Since his arrival in 2018, Wieck has assembled a diverse talented roster—five of the 15-man squad are Black, and four are from the Twin Cities area: freshmen Joshua Strong (Brooklyn Park) and Henry Shannon (Apple Valley), sophomore Joshua Brown (Minneapolis), and junior Isaiah Watts (Bloomington). Graduate transfer Jacob Shields (Houston), who formerly played at Concordia-St. Paul, rounds out the Bulldogs roster.
Wieck said the Duluth area always will be recruiting territory, but the Twin Cities will be prime recruiting territory as well. “The Twin Cities mean St. Paul, Minneapolis, and all the surrounding communities around there,” he explained.
“We’re just trying to identify the best players, and I think we’ve been able to really connect on a personal level. It’s just trying to really build that relationship throughout the recruiting process.”
The 6’-4” Brown, a Park Center grad, is the first Twin Cities-area player Wieck signed to play at UMD.
“Duluth isn’t the most diverse place in general,” noted the coach. “Our student body isn’t the most diverse student body, so for us in the recruiting process, we just had to be really upfront with that. We really talked about that openly with Joshua and with the entire [Brown] family.

“Joshua was really the first one to really jump on board,” admitted Wieck. “I think he was really the springboard to allowing us to continue to recruit a really diverse roster. Joshua Brown really helped open those doors for us.”
As successful as UMD has been on the court this season, the Bulldogs have been successful in enacting social change as well. The Jacob Rittenhouse not-guilty verdict last fall was a game-changer for the players.
“They’re really aware of what’s going on around them,” said Wieck. “We had a big game and the verdict came out when we were on the bus. When we got off the bus…you could see hurt in all of our guys, and you could see it in their eyes.
“A couple of guys on the team approached me and wanted to make a statement during the national anthem,” he continued. “Our team decided to just stay in the locker room that night during the national anthem. Our entire team supported each other.
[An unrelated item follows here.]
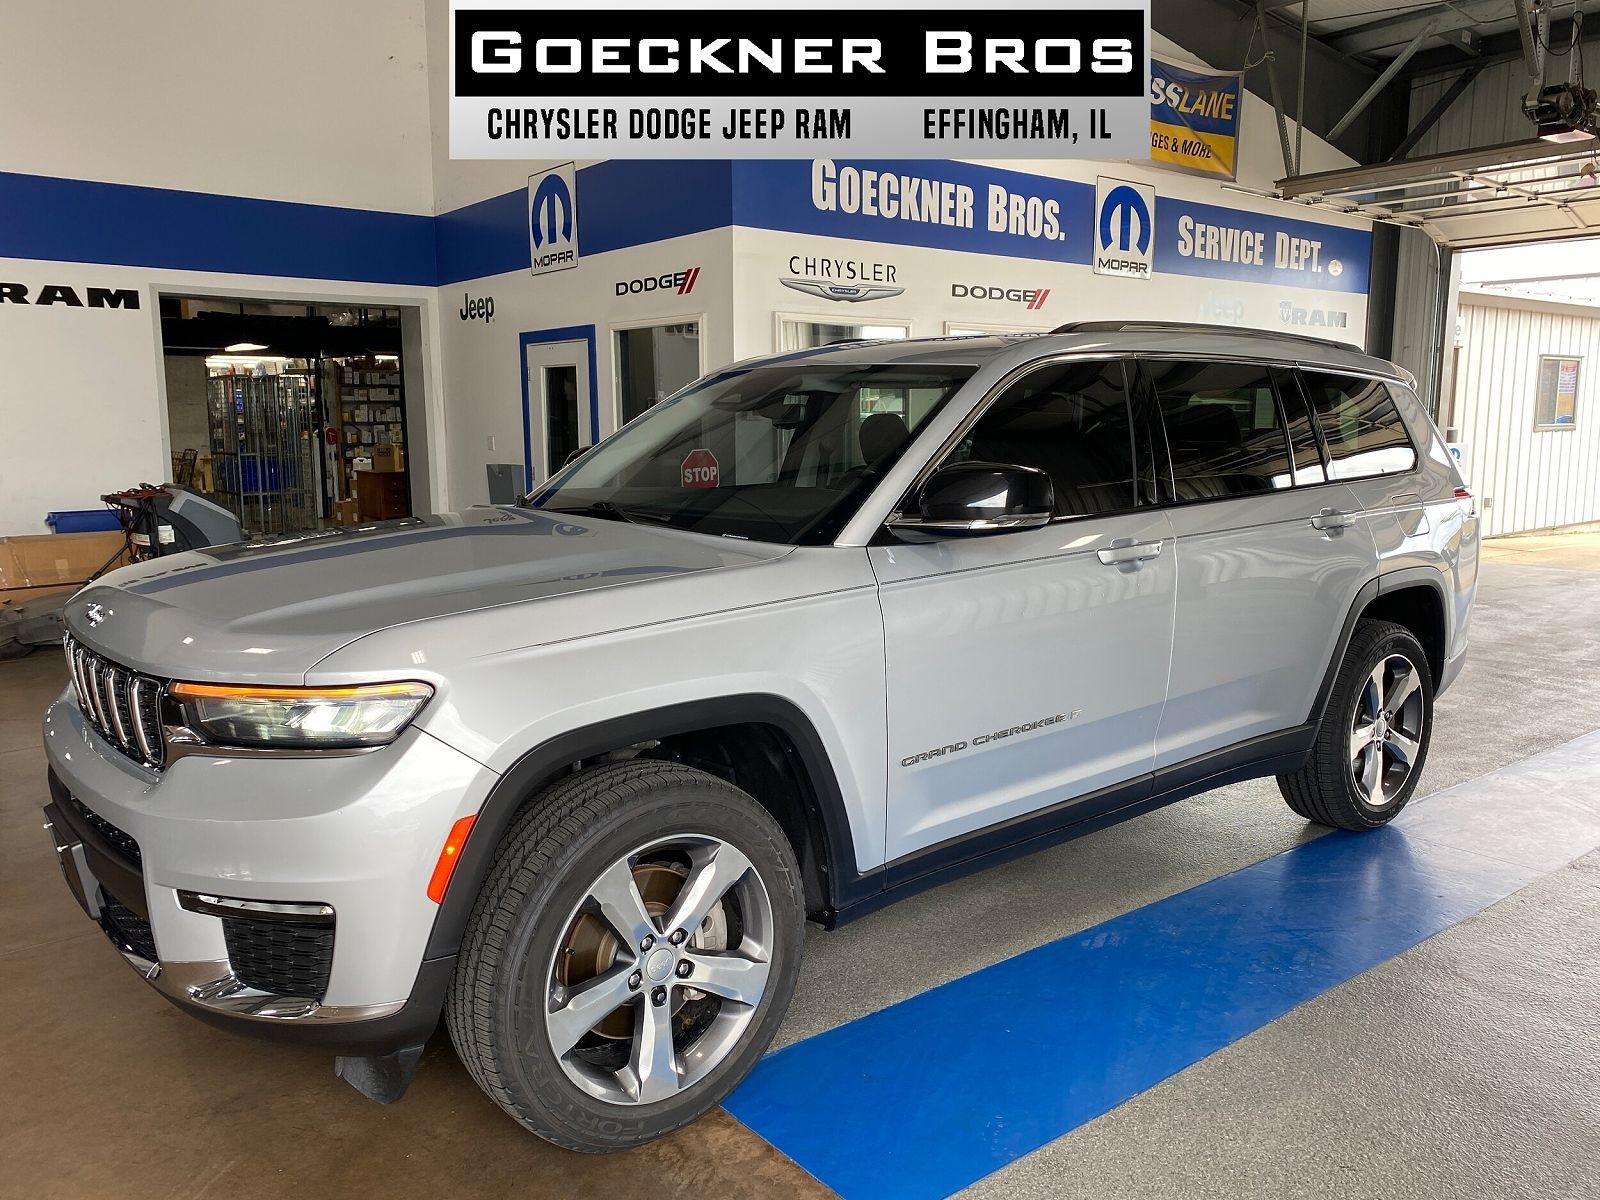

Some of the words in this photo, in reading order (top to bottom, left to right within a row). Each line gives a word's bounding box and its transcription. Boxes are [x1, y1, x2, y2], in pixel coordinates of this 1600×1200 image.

“I think the biggest thing is [that] it really opened up a lot of conversation on our team,” said Wieck. “We support each other. There’s a very unified front on our team.”
Back to the Bulldogs on court play, “I think we’ve always been a pretty high-powered offensive team,” said Wieck. “We’ve got five guys out there that can really score but also really smart players. We’ve got six or seven guys out there that can score 20 points on a given night.
“They’ve done a great job of just trying to work together, trying to get the best shot possible. They compete their butts off every single night.”
Wieck pledged that the Twin Cities remain on his recruiting radar. “We’ve got two more guys coming from the Twin Cities next year,” he said. “It’s been so far, so good.”